Pour son premier long-métrage, il a mis toutes les chances de son côté : casting sophistiqué, équipe technique renommée, décors naturels impressionnants, format cinémascope, et surtout, compétition au festival de Cannes 2015, dans la catégorie « un nouveau regard ». Au même titre qu’Emma Stone, Ryan Gosling est un « sex symbol » controversé. Certains, ou plutôt certaines, le trouvent magnifique et génial, tandis que d’autres, le trouvent inexpressif et sans intérêt. Nombreux étaient donc celles et ceux qui attendaient ce film, pour soit confirmer son talent, soit prouver ses défauts. En définitive, le public est mitigé mais se révèle plutôt en faveur du réalisateur.
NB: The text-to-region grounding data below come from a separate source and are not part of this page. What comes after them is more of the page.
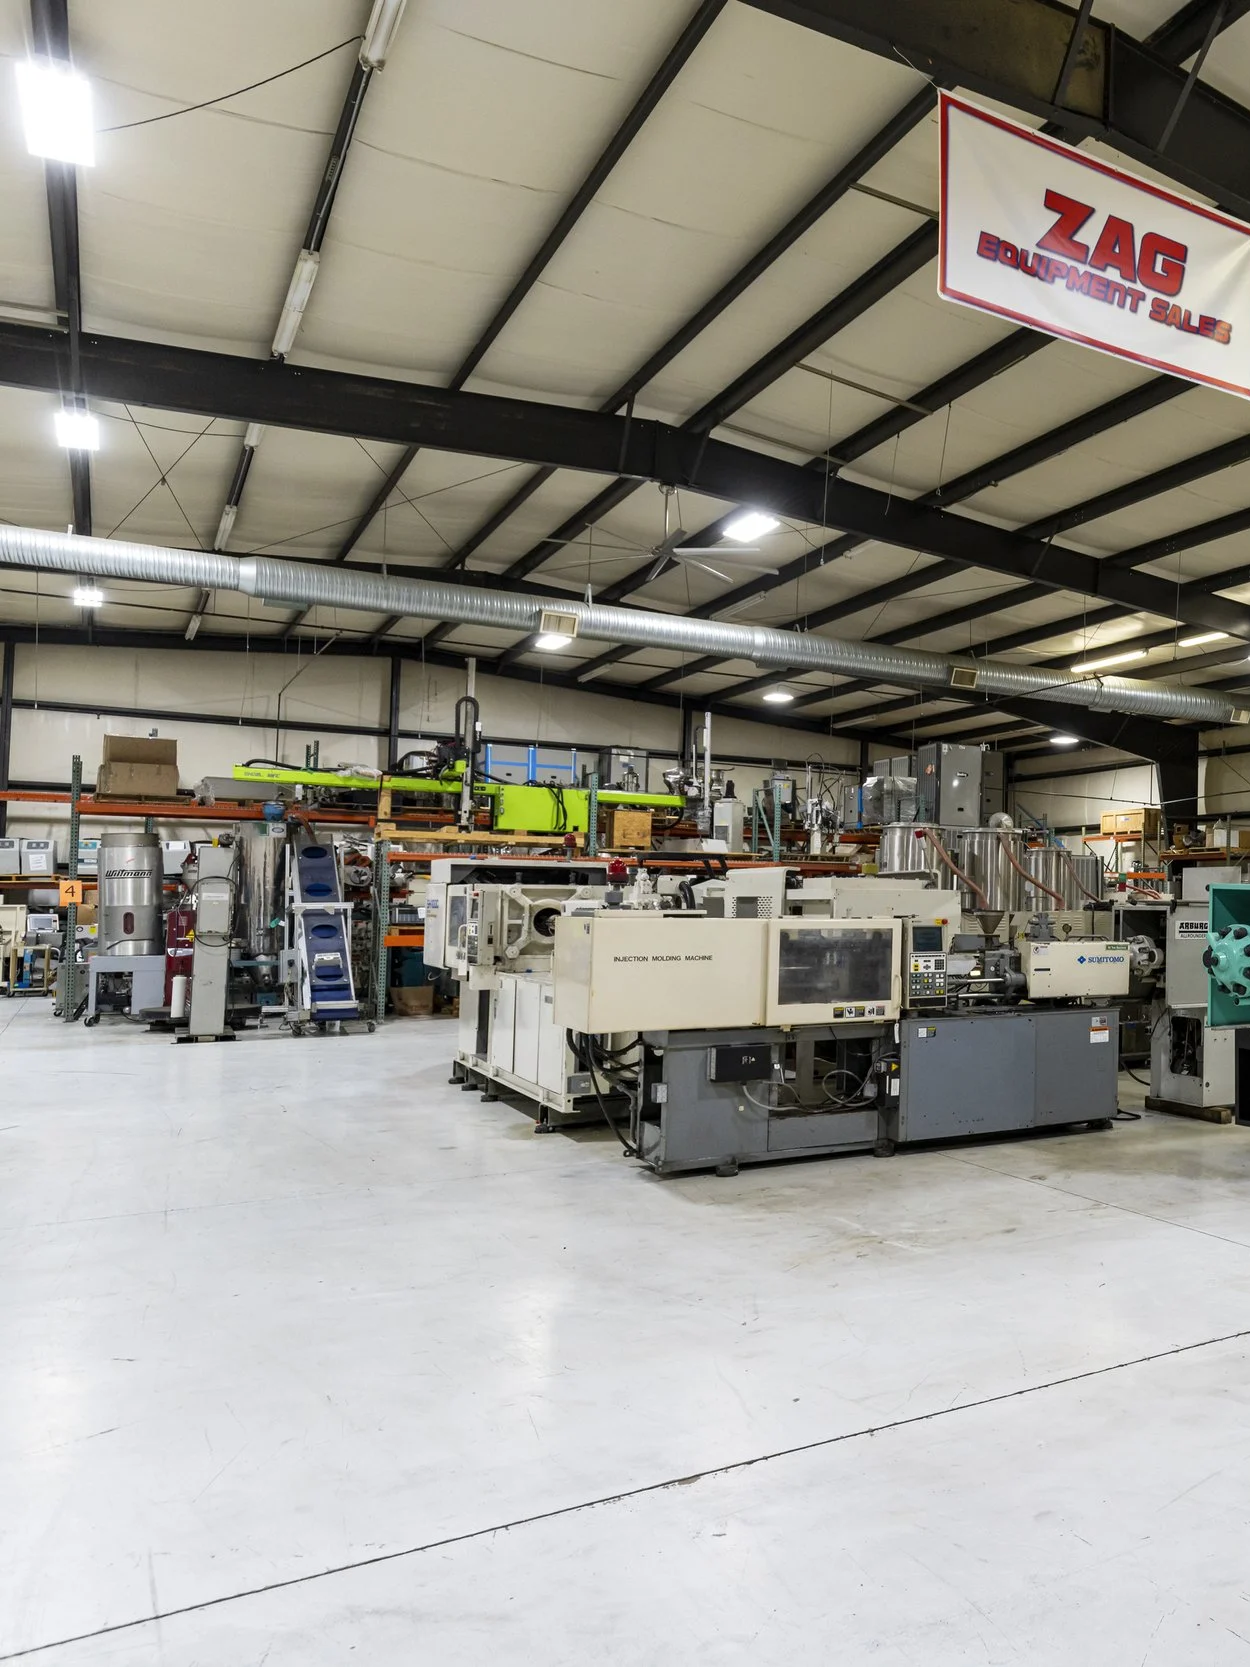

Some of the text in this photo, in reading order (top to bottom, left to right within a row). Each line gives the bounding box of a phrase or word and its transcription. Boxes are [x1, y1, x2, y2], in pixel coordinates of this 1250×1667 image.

[1036, 188, 1188, 297] ZAG
[976, 230, 1233, 345] EQUIPMENT SALES
[105, 869, 152, 879] Wittmann
[64, 885, 76, 897] 4
[1179, 922, 1208, 930] ARBURG
Lost River est un thriller fantastique prenant place dans un environnement sauvage et délabré. Il a été tourné à Détroit dans le Michigan - comme le récent It Follows (2015) de David Robert Mitchell - dans une zone très affectée par la crise financière, et dont le potentiel cinématographique, avait soi-disant été repéré depuis longtemps par le réalisateur. C’est l’histoire simple et compliquée à la fois d’une mère démunie et de ses deux enfants, qui vivent sur des terres abandonnées, mystérieuses et hostiles, et qui doivent, sous peine d’expulsion, payer au plus vite leur loyer.
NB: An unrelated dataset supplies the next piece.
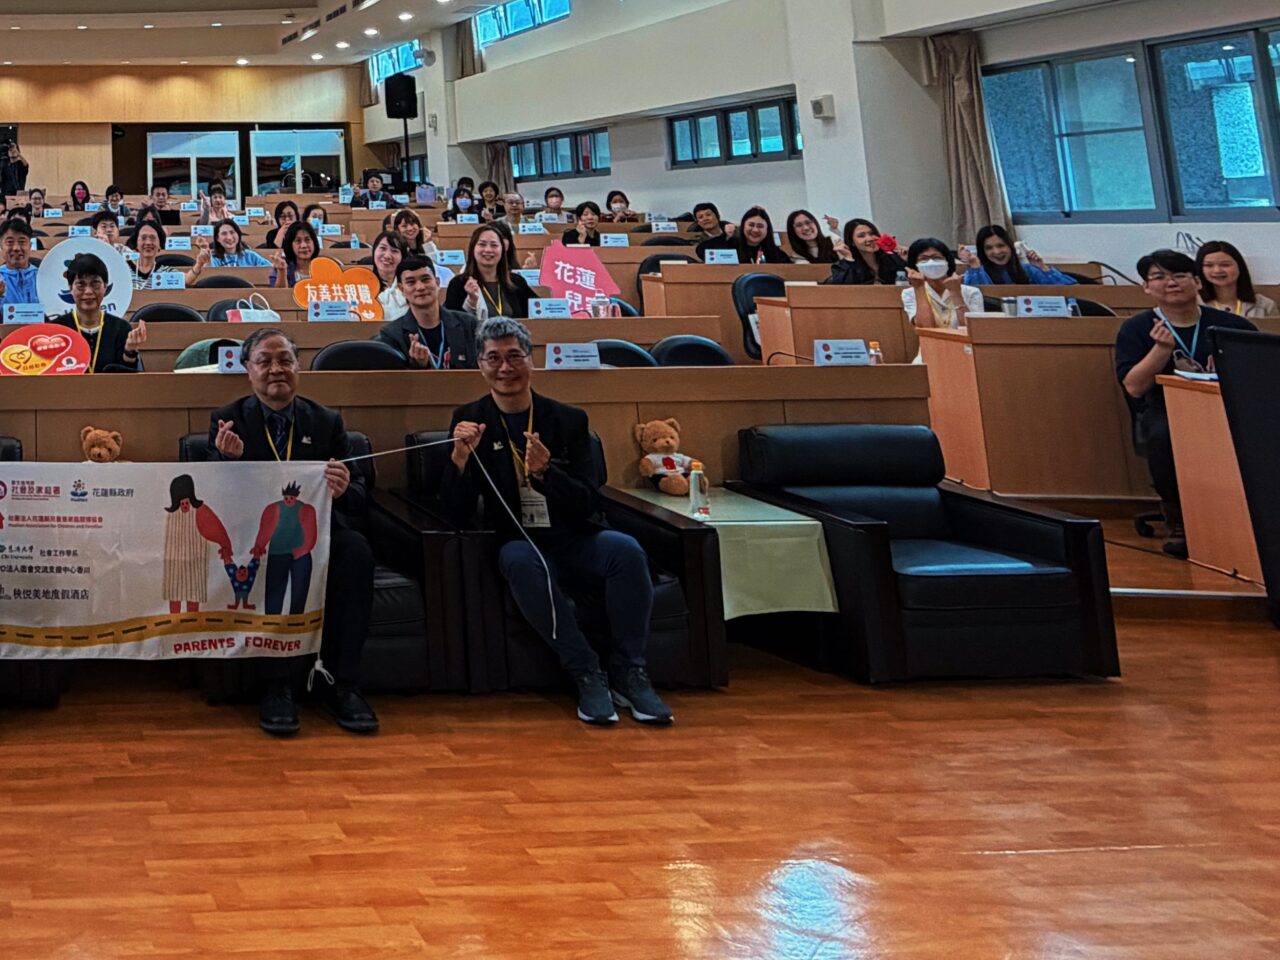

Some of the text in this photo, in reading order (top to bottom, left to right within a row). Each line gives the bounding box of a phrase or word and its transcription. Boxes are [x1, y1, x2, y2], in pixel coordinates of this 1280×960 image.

[554, 260, 596, 291] 花蓮
[304, 283, 373, 305] 友善共親職
[92, 488, 134, 498] 花蓮縣政府
[173, 636, 301, 654] PARENTS FOREVER
Premier constat, cet univers, presque post apocalyptique est très dépaysant. Il fait penser à des films emblématiques, comme La Balade Sauvage (1973) de Terrence Malick, pour la verdure et le caractère très ingénue du couple d’adolescents ; Mad Max (1979) de George Miller, pour cette folie ambiante qui menace de se manifester à chaque instant ; Une Nuit En Enfer (1996) de Robert Rodriguez, le repère de vampire sanguinaires rappelant le théâtre gore de Lost River ; Mulholland Drive (2001) de David Lynch, pour la complicité entre ses deux actrices face à un non-sens général ; 28 jours plus tard (2002) de Danny Boyle, pour ce sentiment d’incompréhension et d’exposition au danger etc. Dès les premières images de ces quartiers en ruines, de cette rivière sauvage, et de cette nature qui reprend le dessus sur la civilisation, on est immergé dans un imaginaire très original qui donne immédiatement envie d’en voir plus. On restera malheureusement un peu sur notre faim. Tous les décors naturels sont vite oubliés, dépassés, au profit d’une mise en scène très artificielle et aseptisée. Cette dernière frise parfois l’exagération, voire même la parodie de Nicolas Winding Refn, réalisateur de Drive (2011) et mentor de Ryan Gosling. Impossible par exemple de ne pas sortir du récit à la vue de ce couloir violet filmé au ralenti à 90°. On sait que c’est un film d’auteur Ryan, inutile d’insister.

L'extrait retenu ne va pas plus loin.